And for some of us, it’s a full-time job that we fit around other full-time work or education.
3. Writing doesn’t sound too difficult.
Think about the essays you wrote for school. How long were they? Maybe a few hundred words long, or a thousand or two? Did you find them easy? No?
Well then, try imagining writing something fifty thousand words long. Or over a hundred thousand words long.
Easy? No. I don’t think so.
And if you still do think it’s easy, I refer you once again to The Writing Process: A Guide For Non-Writers.
4. I always thought I’d write a book after I retire, once I have some time to kill.
Um, okay. That’s nice. Good for you.
I mean, really, what am I supposed to respond to this?
Other than: “Thanks for your attempt to relate to me, except that your vague and occasional daydreams of writing a book don’t really relate to my experiences of putting blood, sweat, and tears into writing books, fueled by my intense determination to write books because I consider writing books part of my identity and one of my most important life goals. Also, I appreciate the implication that writing a book is a nice, relaxing hobby for people with nothing better to do; it really makes all my hard work feel valued.”
5. Wait a second, creative writing degrees are a real thing?
Loads of people know how to write – by which I mean, loads of people know how to draw shapes on a page that other people read as words.
But not so many people know how to write a novel – by which I mean, know when to use which tense and which point of view, and how to portray characters on a page, and when and how to use foreshadowing and symbolism, and how to construct an entertaining plot, and how to arrange words into appealing sentences and paragraphs so that readers don’t get bored of your writing, and how to make dialogue sound realistic, and how to write increasing tension at the right points in the story, and how to create a specific image in the reader’s mind, and…
And so on.
So while yes, writing is an art, and as such there are no hard-and-fast rules to follow, there are guidelines on how to write if you want to write well and have readers enjoy your work, and these guidelines can get pretty technical.
Having read that, are you still surprised at the existence of creative writing degrees?
6. Have you been published yet?
Sure, it’s fine to be curious about whether or not a writer you’ve met is published, but that “yet” just makes your question sound so condescending, as if you think they’re not worth anything if they’re not published. As if you’re judging them for not even being published – like, wow, what a casual, they’re not even published yet.
For one thing, this just puts hobby writers down. Some people aren’t aiming to publish their work, they’re just having fun with their writing, and saying this to them will make them feel like they have to publish to be considered a writer. Which is no fun. The only benchmark you have to pass to be considered a writer is that you have to write. So please stop adding extra benchmarks to make people who write feel like they’re not good enough, especially when you don’t actually know what passing that benchmark would involve.
And trust me, many of us can feel like we’re not good enough without your contributions. So don’t go adding to that.
For another thing, please find out a bit about what publishing actually involves before you go around expecting all writers you meet to be published, because publishing is so easy, right?

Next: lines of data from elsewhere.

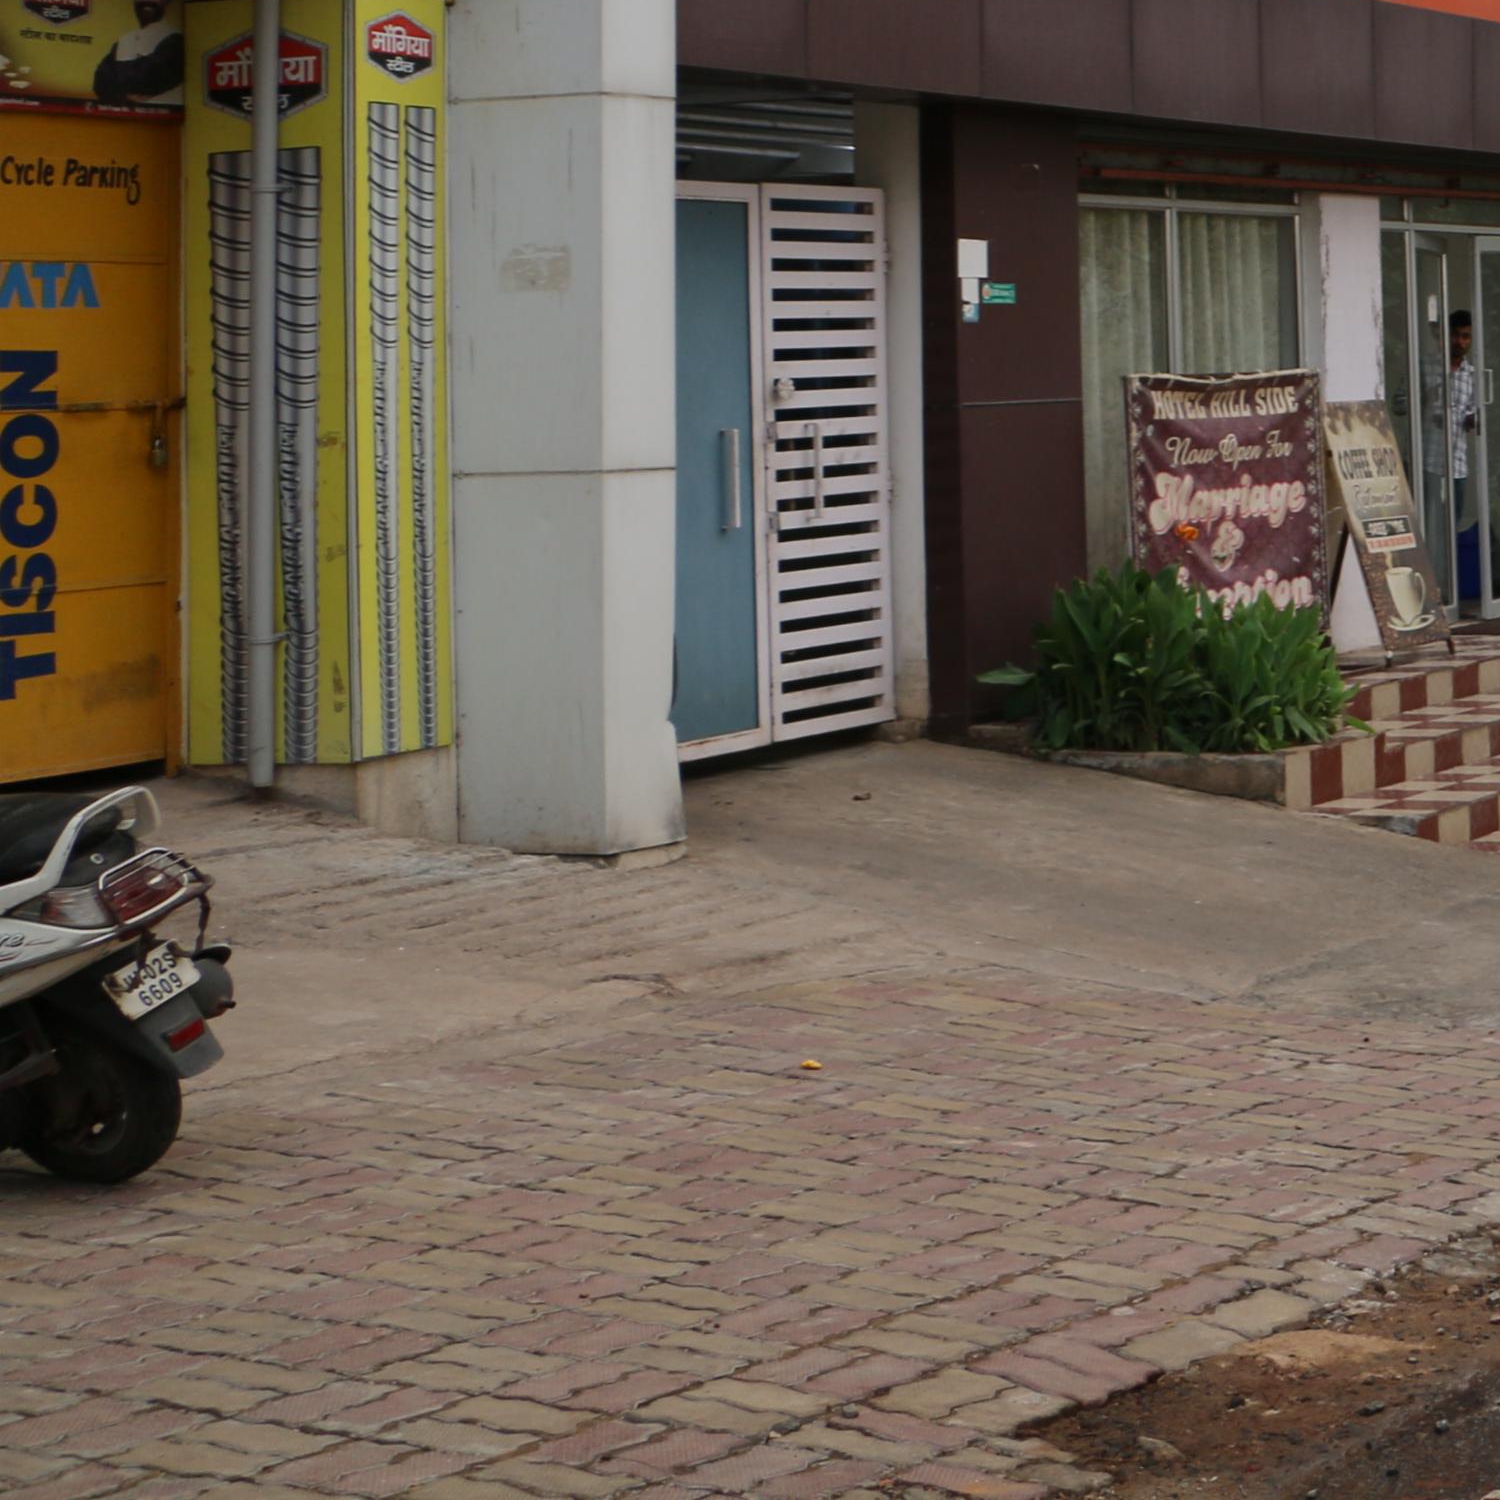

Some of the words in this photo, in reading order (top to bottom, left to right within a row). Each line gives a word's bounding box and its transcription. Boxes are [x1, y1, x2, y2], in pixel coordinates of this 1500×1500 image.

[0, 155, 55, 186] Cycle
[62, 158, 142, 206] Parking
[0, 260, 100, 309] ATA
[1151, 387, 1207, 420] HOTEL
[1210, 388, 1251, 418] HILL
[1255, 386, 1299, 415] SIDE
[1166, 436, 1217, 468] Now
[1218, 433, 1263, 471] Open
[1265, 429, 1294, 459] For
[0, 349, 60, 700] TISCON
[1150, 472, 1308, 535] Marriage
[1211, 520, 1245, 572] &
[139, 972, 182, 1006] 6609

Here, I’ll refer you to Part Four of The Writing Process: A Guide For Non-Writers, which discusses the basics of the various publishing options, but reading anything at all on how the publishing process works would be greatly appreciated. The points I want you to take away from this are that traditional publishing companies are selective so writers trying to get published often end up with huge piles of rejection letters; that self-publishing can be time-consuming and expensive; and that the system isn’t as straightforward as send to publisher, become a bestseller.
7. Can I be a character in one of your stories?

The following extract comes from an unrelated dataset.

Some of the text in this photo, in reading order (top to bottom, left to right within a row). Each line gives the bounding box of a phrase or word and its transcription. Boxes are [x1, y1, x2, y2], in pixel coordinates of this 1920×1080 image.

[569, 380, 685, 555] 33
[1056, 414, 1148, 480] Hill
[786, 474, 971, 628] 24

Do you really expect us to say yes to this? Why?
Why do you think that we would want to include you in our stories? What makes you think you are so special and unique that someone would want to write about you, over everyone else in the world?
Why do you think it’s okay to try to interfere with someone else’s personal project?

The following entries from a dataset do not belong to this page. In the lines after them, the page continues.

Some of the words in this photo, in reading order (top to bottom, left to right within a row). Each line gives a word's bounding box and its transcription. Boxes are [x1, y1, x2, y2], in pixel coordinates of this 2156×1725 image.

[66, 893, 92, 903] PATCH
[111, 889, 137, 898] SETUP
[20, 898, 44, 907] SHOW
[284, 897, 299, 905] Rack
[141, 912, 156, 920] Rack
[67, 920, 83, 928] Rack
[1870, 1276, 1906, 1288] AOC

Don’t make presumptions about a writer’s work and their desires. Don’t make everything, including someone else’s novel, all about you. The world doesn’t revolve around you, and neither does their book.
Besides, if you ask an annoying question like this and the writer says yes, brace yourself for an unflattering portrayal; this question might have just gotten you on their bad side.
The likelihood, though, is that the writer won’t say yes; they’ll just feel incredibly awkward while trying to find a polite way to tell you that doing a real human justice in their writing would be difficult and they probably don’t need the added complication of trying to squeeze you into their story. So if you ask this question, I hope you’re okay with making someone feel really uncomfortable.
8. So I have this great idea that I think you should be using in your book…
Again with interfering with someone else’s personal project! How do you know it’ll fit in with the rest of the story? How do you know it’s something that’ll even appeal to the writer? Sure, make suggestions, but don’t tell them your idea is the only way to go, don’t pressure them into writing your idea, and don’t expect them to do anything at all with it.
Anyway, if it’s such a great idea, why don’t you write it?
Oh wait, it’s because you’re clearly not devoted to the idea enough to put in the time to learn to write, so you’re just gonna chuck it at the nearest writer and leave them to deal with the hard bit – spending months developing plotlines and characters, slaving over their computer and agonising over word choices. As if we don’t have enough of our own ideas that we really want to work on but haven’t gotten around to yet.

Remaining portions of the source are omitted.